ASSIGNMENT ::
Make a verbatim copy of the entries below; pictures stay out.
** Opening INPUT DATA block **
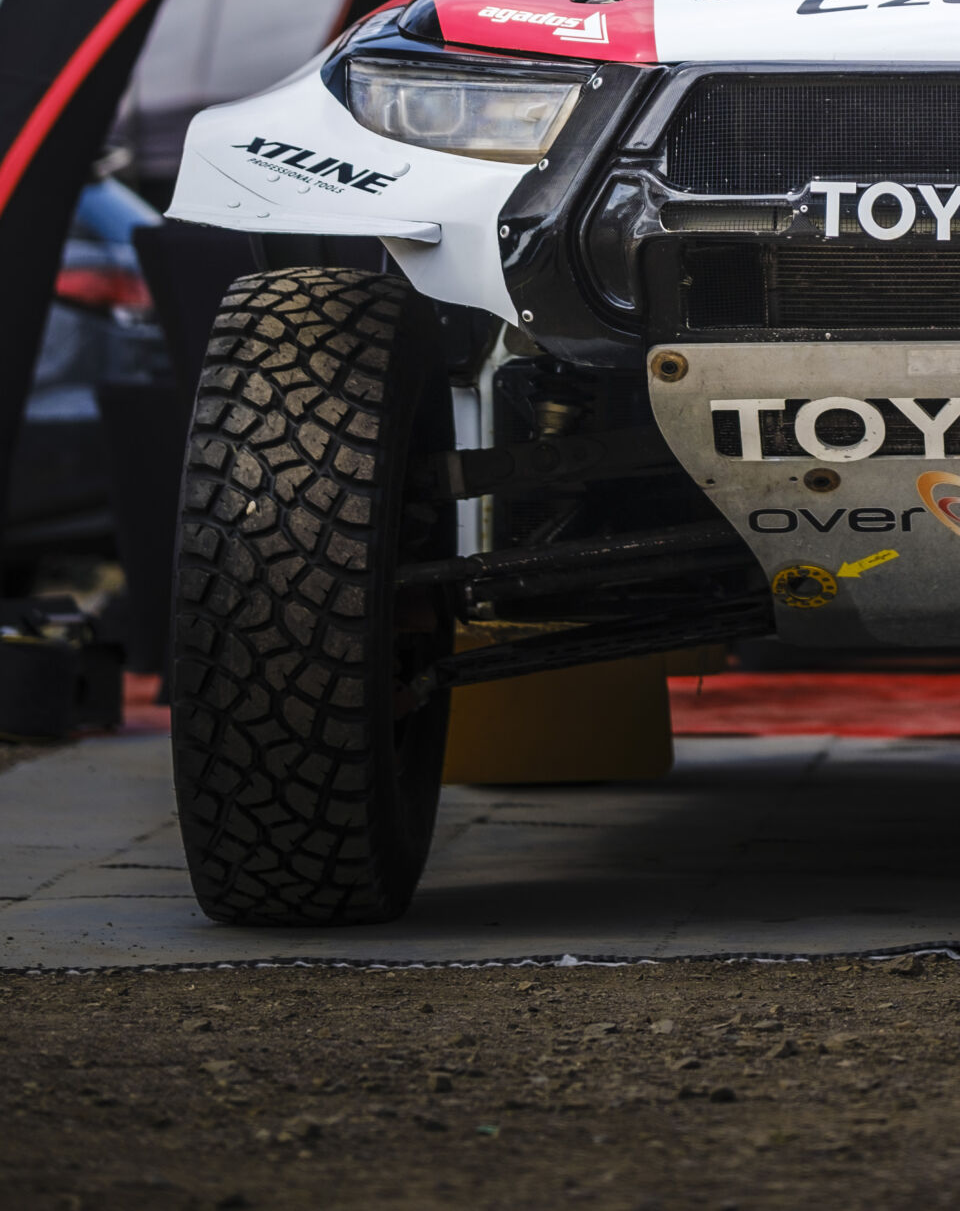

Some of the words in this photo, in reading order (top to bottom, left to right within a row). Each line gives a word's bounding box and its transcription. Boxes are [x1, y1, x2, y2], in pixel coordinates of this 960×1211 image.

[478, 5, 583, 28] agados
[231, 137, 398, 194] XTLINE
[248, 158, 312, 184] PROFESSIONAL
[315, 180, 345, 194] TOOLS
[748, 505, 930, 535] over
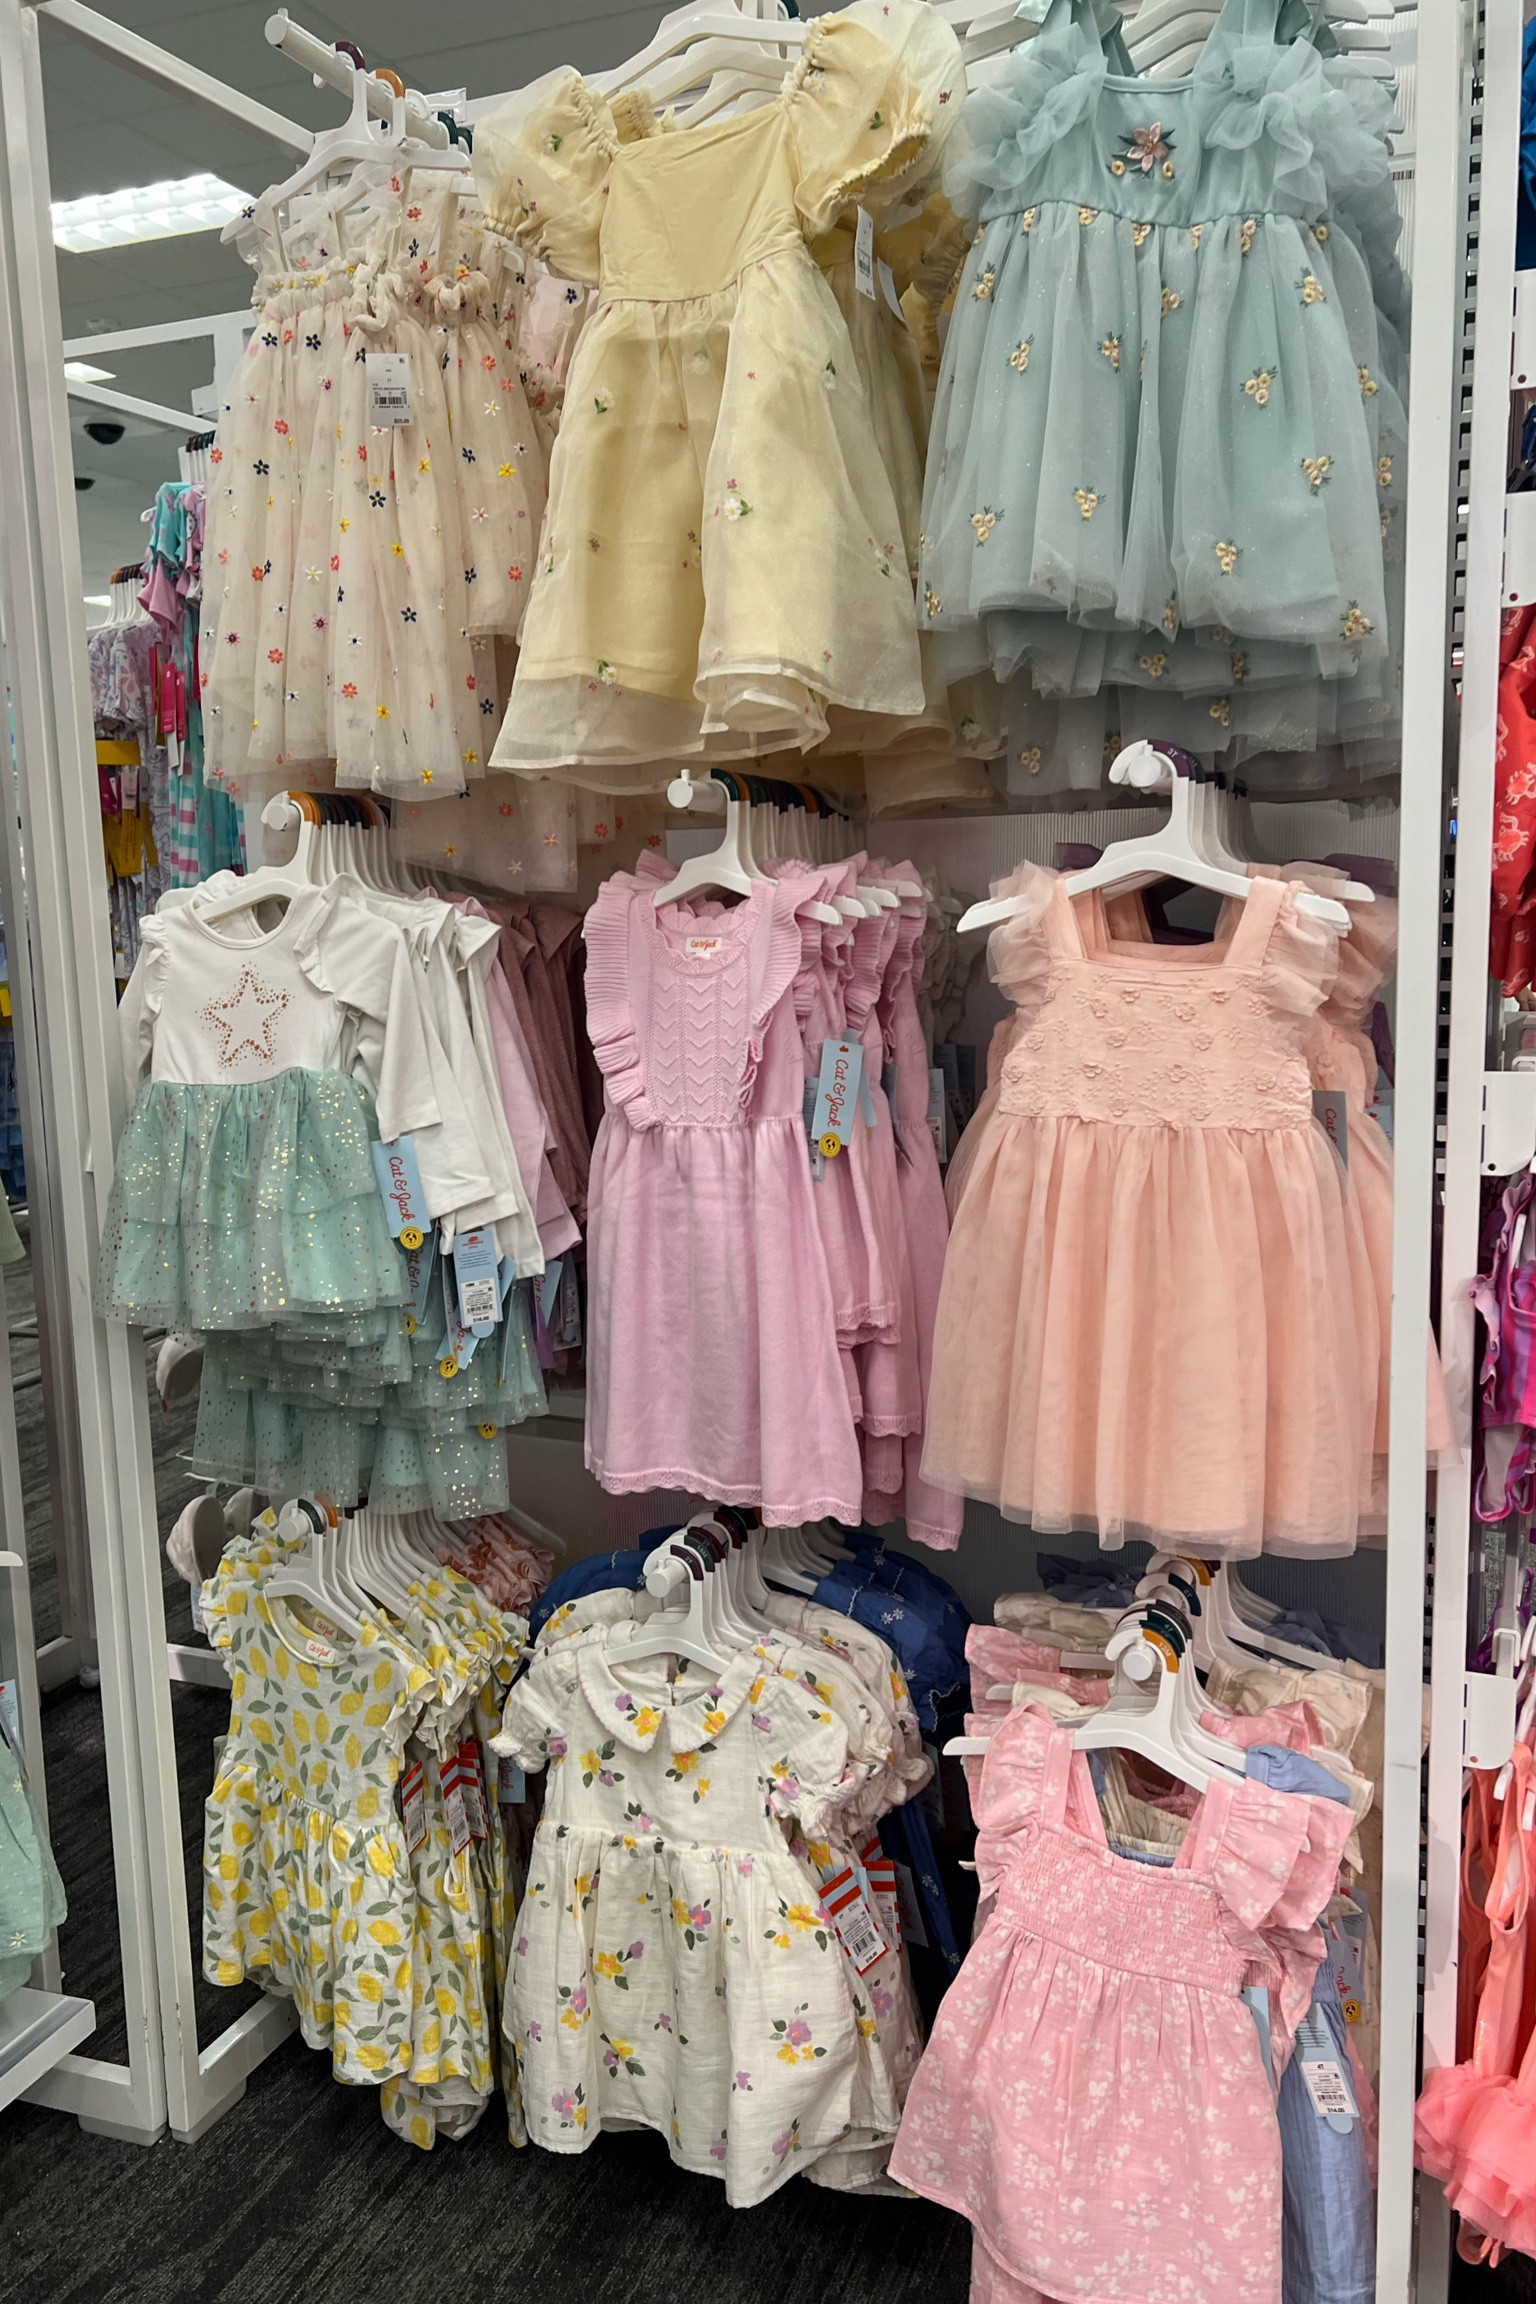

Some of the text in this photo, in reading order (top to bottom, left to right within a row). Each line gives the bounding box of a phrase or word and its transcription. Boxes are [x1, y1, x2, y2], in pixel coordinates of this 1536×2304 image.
** Closing INPUT DATA block **
SOLUTION FOR THIS PROBLEM ::
Some of the words in this photo, in reading order (top to bottom, left to right within a row). Each line gives a word's bounding box and its transcription. Boxes are [x1, y1, x2, y2], in pixel coordinates of this 960×1211 image.

[478, 5, 583, 28] agados
[231, 137, 398, 194] XTLINE
[248, 158, 312, 184] PROFESSIONAL
[315, 180, 345, 194] TOOLS
[748, 505, 930, 535] over

Some of the text in this photo, in reading order (top to bottom, left to right within a row). Each line gives the bounding box of a phrase or word and its transcription. Boxes are [x1, y1, x2, y2], in pixel coordinates of this 1536×2304 image.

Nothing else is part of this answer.